L'augmentation de productivité des transports terrestres
étend les hinterlands. L'arrière-pays havrais ne dépassant
guère les 500 km, le port du Havre devra donc ratisser large. La logique
de massification lui impose de renforcer son influence sur
l'arrière-pays au-delà de la région parisienne vers l'est,
le sud est, l'Allemagne, la Suisse, l'Italie et d'étendre par ailleurs
son rayonnement maritime par des liaisons de cabotage sur d'autres ports en
France et en Europe.
Pour affronter cette concurrence et proposer à la
clientèle internationale une alternative à Anvers et Rotterdam,
Le Havre a donc besoin de dessertes terrestres importantes.
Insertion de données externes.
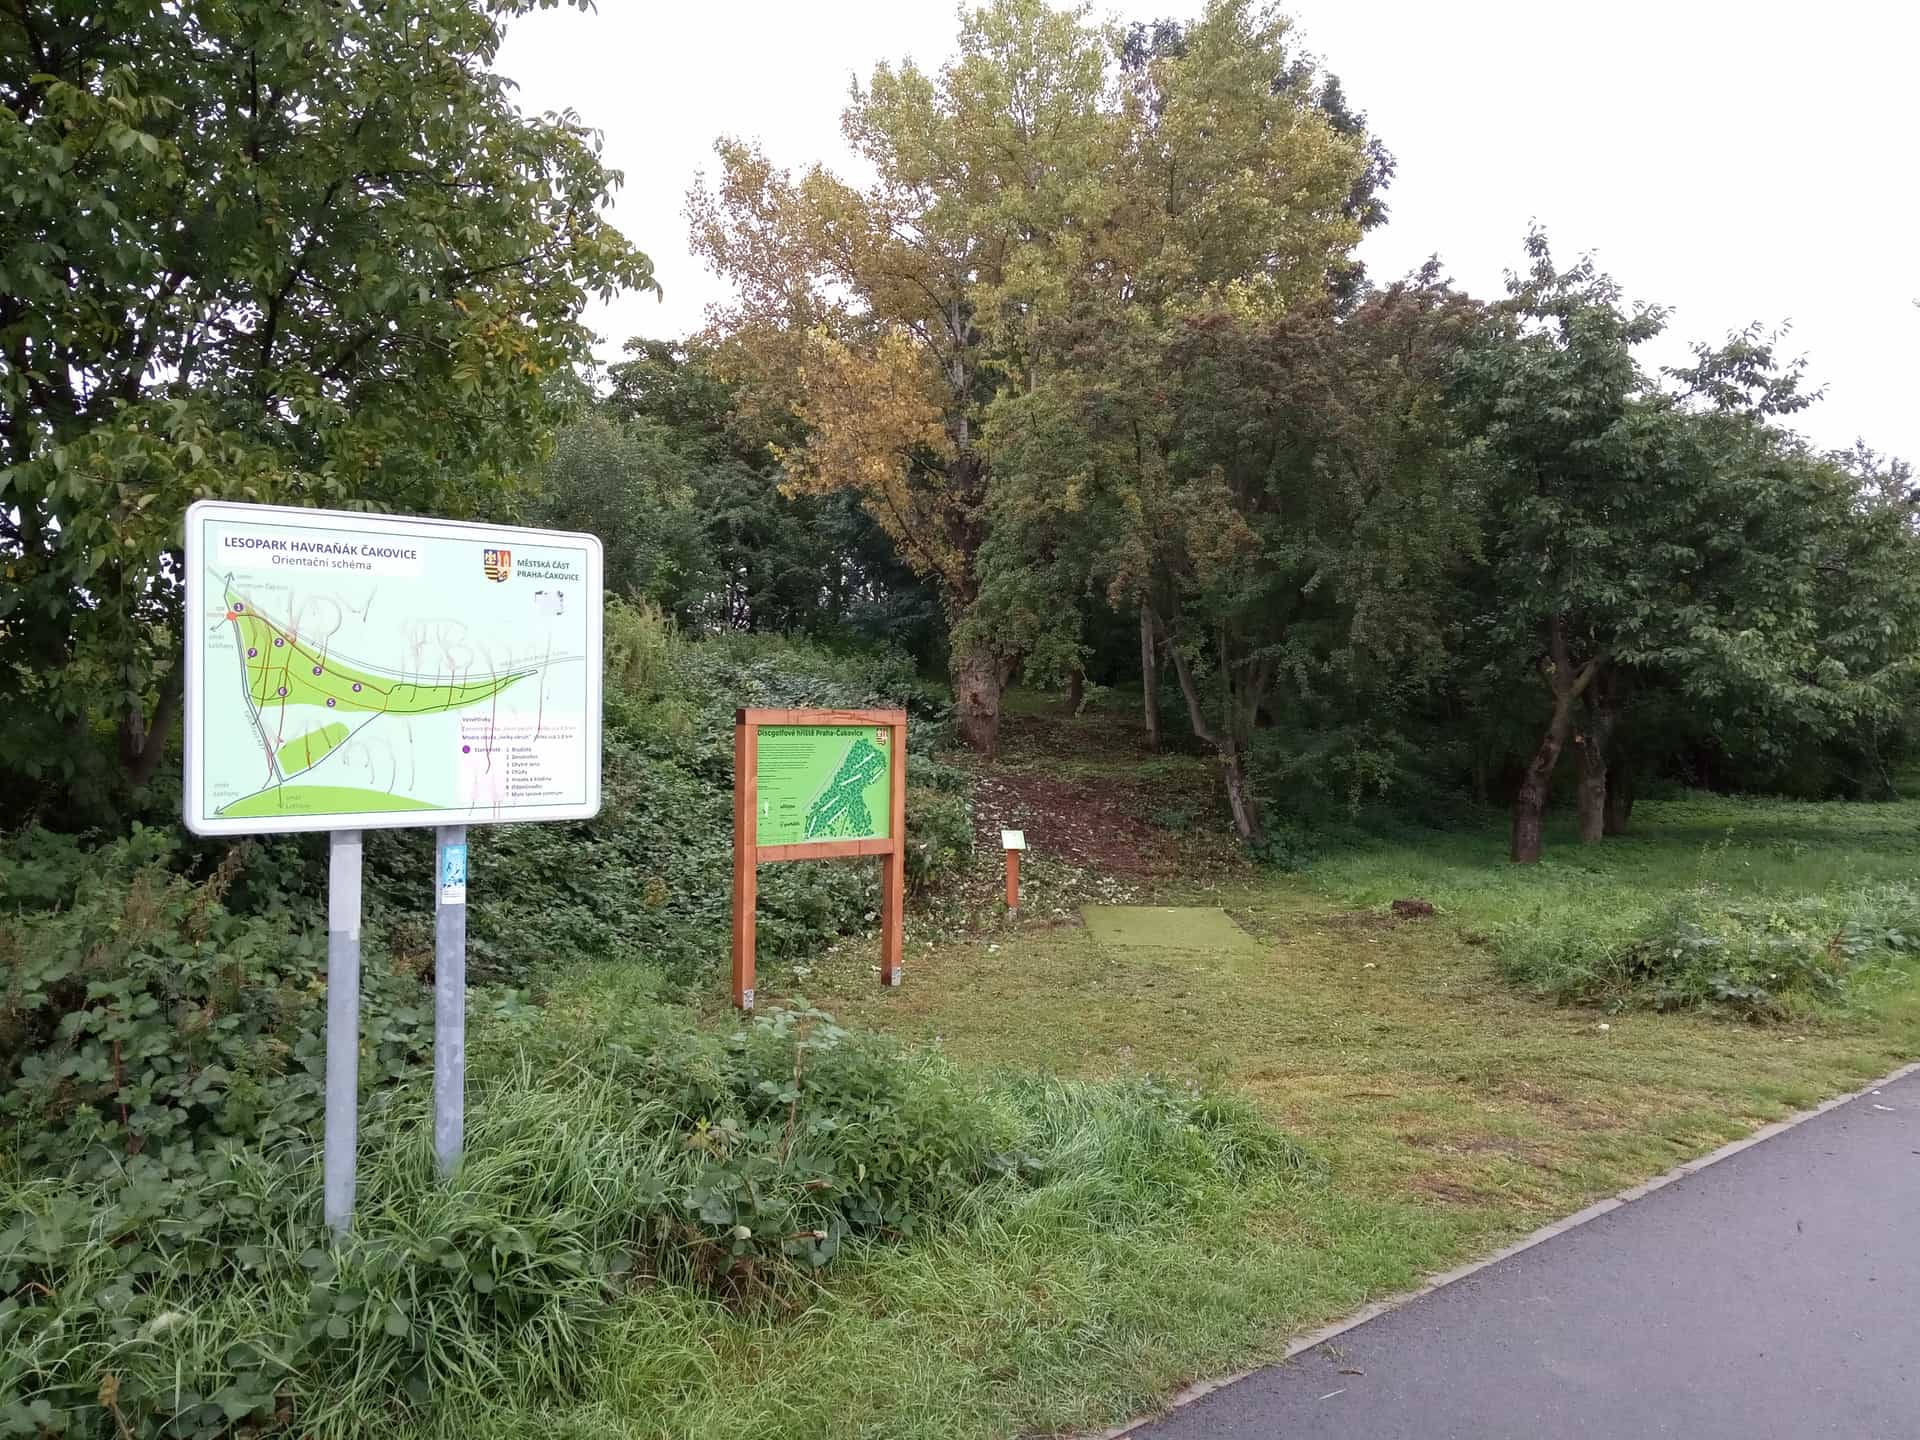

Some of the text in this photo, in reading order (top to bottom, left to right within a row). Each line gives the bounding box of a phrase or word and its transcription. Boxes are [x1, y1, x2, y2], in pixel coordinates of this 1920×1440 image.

[224, 536, 417, 560] LESOPARK HAVRAŇÁK ČAKOVICE
[272, 554, 372, 570] Orientační schéma
[517, 570, 580, 581] PRAHA-ČAKOVICE
Car avec la
position centrale qui est la sienne, Le Havre se doit de porter la plus grande
attention à la mise en place de filiales compétitives pour le
pré- et post-acheminement des marchandises. Elles sont une condition de
la massification et lui permettraient de tirer parti d'une situation maritime
privilégiée : 1er port touché à
l'import en Europe, dernière station d'approvisionnement à
l'export. Pour le chargeur ou le réceptionnaire de
l'arrière-pays, cette situation équivaut au « transit
time » le meilleur.
Avec une hausse de 11,2% du trafic conteneurs en 1998, le port du
Havre jouit tout de même d'une confiance retrouvée et peut
entrevoir l'avenir dans de bonnes conditions.
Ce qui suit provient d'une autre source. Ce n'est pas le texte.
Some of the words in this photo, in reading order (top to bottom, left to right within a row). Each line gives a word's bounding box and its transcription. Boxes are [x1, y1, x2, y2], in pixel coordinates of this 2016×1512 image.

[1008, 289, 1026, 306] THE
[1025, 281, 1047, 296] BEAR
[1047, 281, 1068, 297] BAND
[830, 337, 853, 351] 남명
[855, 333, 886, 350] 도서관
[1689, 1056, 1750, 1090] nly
Cependant, le retour à la croissance du port du Havre et
des ports français en général reste fragile en raison de
la faiblesse de leurs dessertes terrestres par rapport à celles des
ports du Nord mais aussi au niveau des volumes traités. Avec 50% du
trafic maritime de l'Union Européenne, les ports du Range restent la
référence. Et tout d'abord en matière de desserte
ferroviaire, routière mais aussi fluviale, ils prennent l'Europe tout
entière pour hinterland. Anvers et Rotterdam bénéficient
pour leur part d'un réseau fluvial remarquablement structuré,
facilitant la pénétration jusqu'au coeur de l'Europe grâce
à la liaison Rhin-Main-Danube. La part relative de la navigation
fluviale dans le trafic maritime représente environ 50% dans les ports
du Bénélux contre 1 à 2% au Havre.
Les ports bénéficiant de la présence d'un
réseau fluvial important cherchent à améliorer encore
cette desserte car la voie fluviale sert de plus en plus au-delà de ses
acheminements traditionnels, au transport des marchandises diverses et des
conteneurs à un coût extrêmement économique. Anvers
et Rotterdam sont ainsi reliés, grâce à ces autoroutes
fluviales, à une trentaine de terminaux portuaires, relais entre les
usines et les convois fluviaux à gros gabarit, égrenés le
long du Rhin.
Desservis par d'excellents moyens de transport terrestres, les
ports du Range bénéficient également de leur bon
positionnement géographique par rapport aux pôles
économiques du continent européen. Hambourg, par exemple,
compense sa situation physique de dernier port du Range ainsi que la
remontée de l'Elbe, par un positionnement favorable vis à vis des
centres économiques allemands et l'organisation de la distribution vers
les pays d'Europe Centrale, vers la Scandinavie et les ports de la Baltique.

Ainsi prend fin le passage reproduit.